*PROMPT*
Copy each record below faithfully, leaving out images.

*SUPPLIED RECORDS*
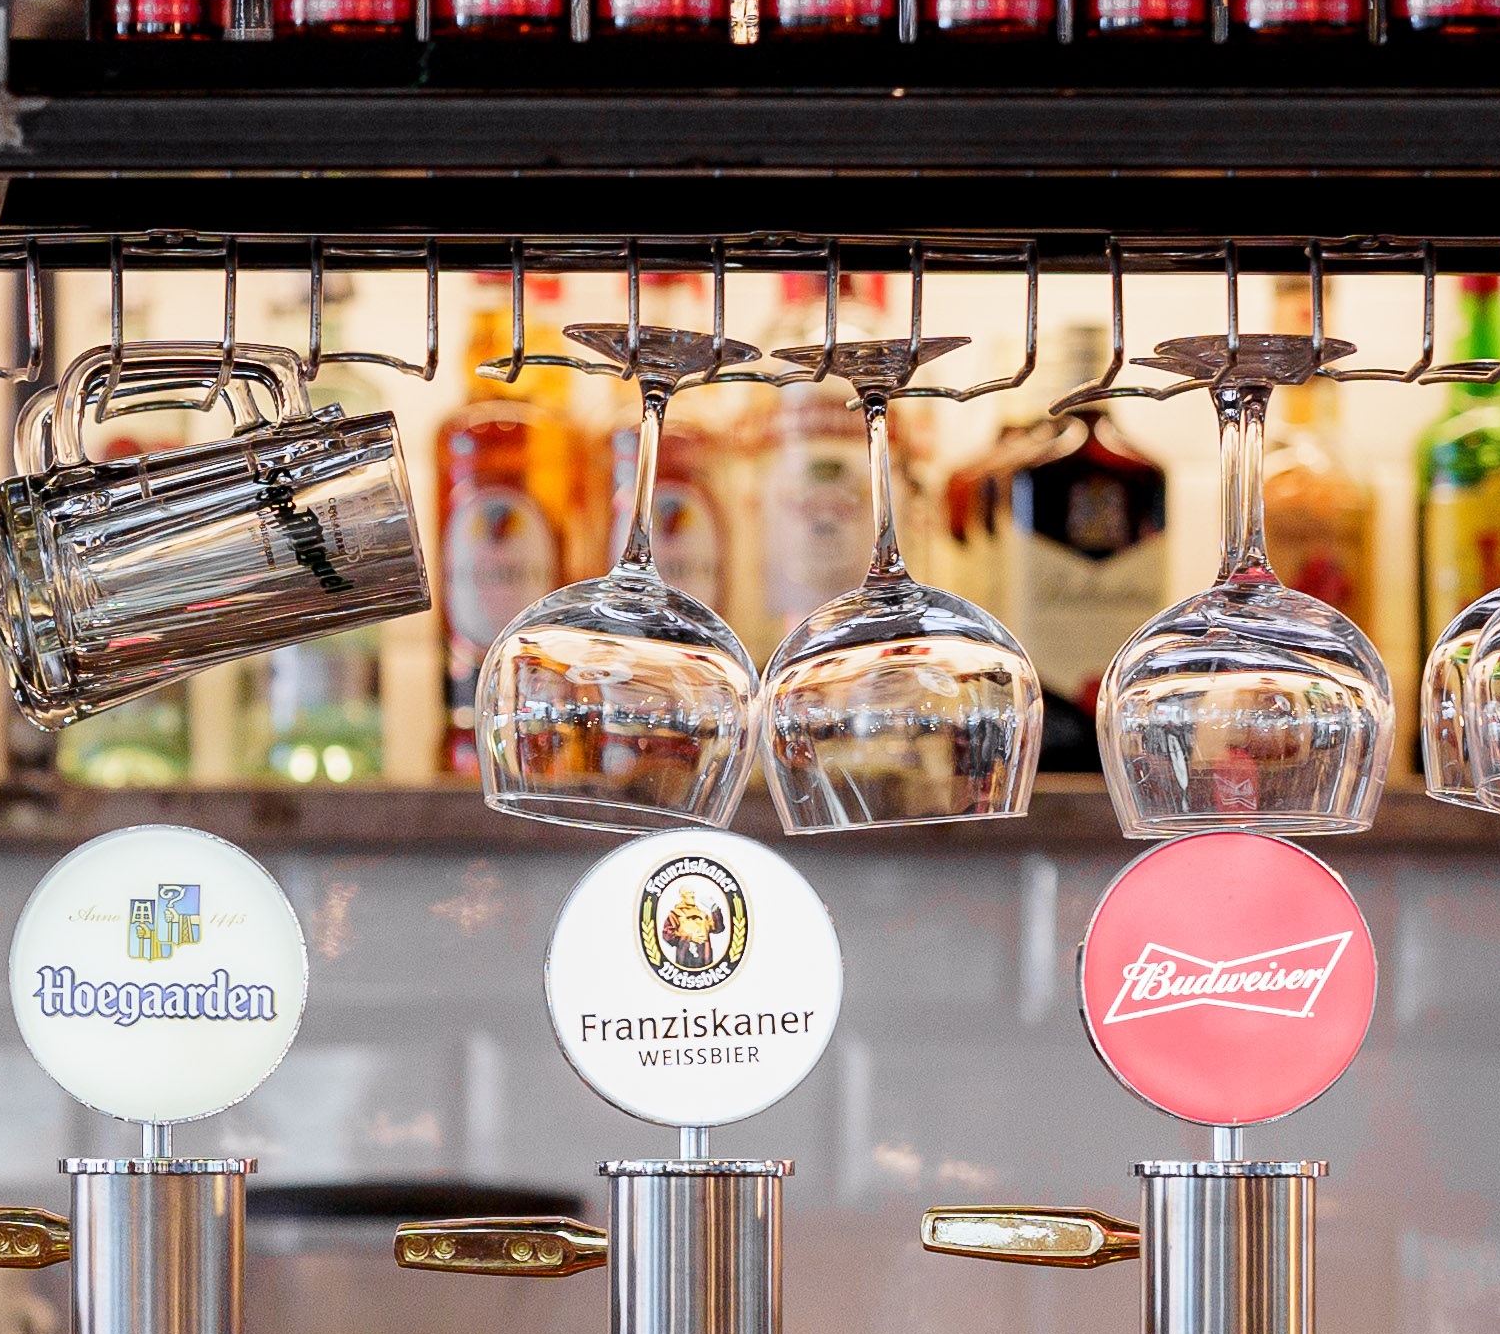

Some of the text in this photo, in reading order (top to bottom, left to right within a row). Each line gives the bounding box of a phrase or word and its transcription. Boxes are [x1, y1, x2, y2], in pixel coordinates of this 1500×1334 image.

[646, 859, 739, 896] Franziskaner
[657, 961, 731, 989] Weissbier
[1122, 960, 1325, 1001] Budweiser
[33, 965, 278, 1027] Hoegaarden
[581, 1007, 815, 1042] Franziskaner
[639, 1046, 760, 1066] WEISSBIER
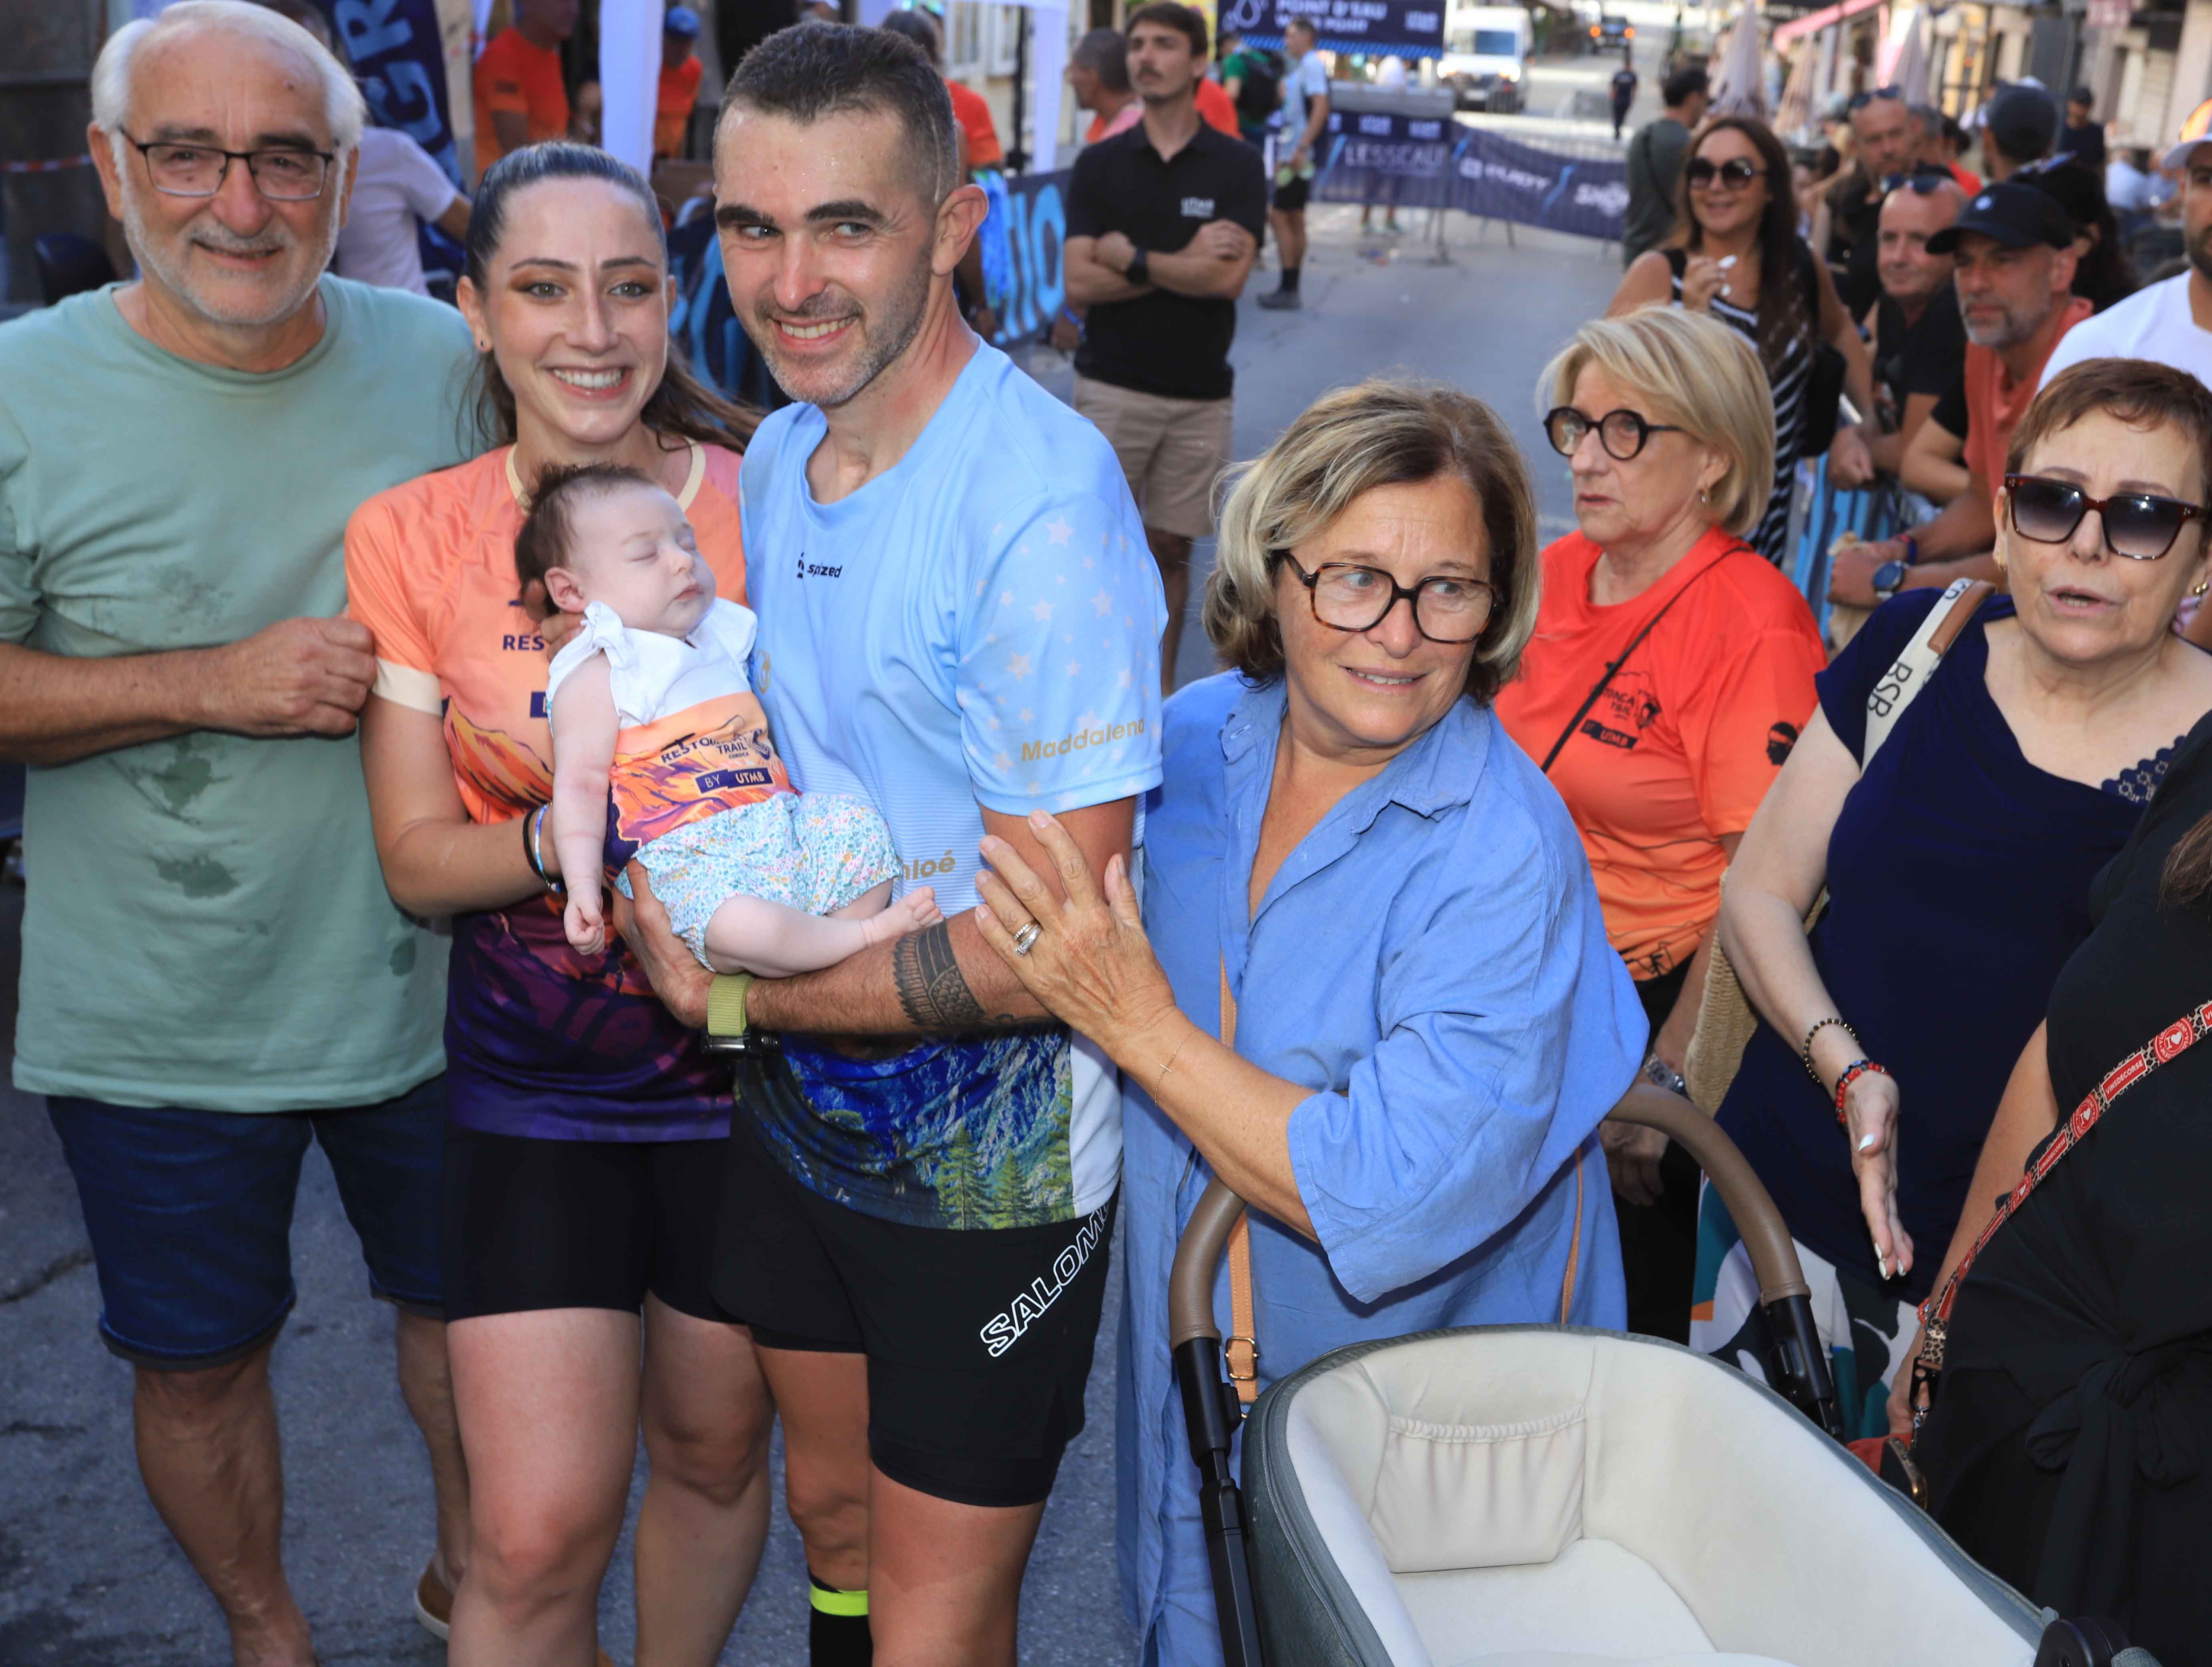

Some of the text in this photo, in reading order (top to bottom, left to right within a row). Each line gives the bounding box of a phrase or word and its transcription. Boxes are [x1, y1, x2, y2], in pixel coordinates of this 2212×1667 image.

*EXPECTED OUTPUT*
Some of the text in this photo, in reading order (top to bottom, left to right within a row). Each line gives the bounding box of a phrase or word and its transcription. Boxes are [x1, y1, x2, y2], in pixel coordinates of this 1500×1334 image.

[646, 859, 739, 896] Franziskaner
[657, 961, 731, 989] Weissbier
[1122, 960, 1325, 1001] Budweiser
[33, 965, 278, 1027] Hoegaarden
[581, 1007, 815, 1042] Franziskaner
[639, 1046, 760, 1066] WEISSBIER

Some of the text in this photo, in reading order (top to bottom, left to right within a row). Each line gives the bounding box of a phrase or word and its transcription. Boxes are [x1, y1, x2, y2], in pixel coordinates of this 2212×1667 image.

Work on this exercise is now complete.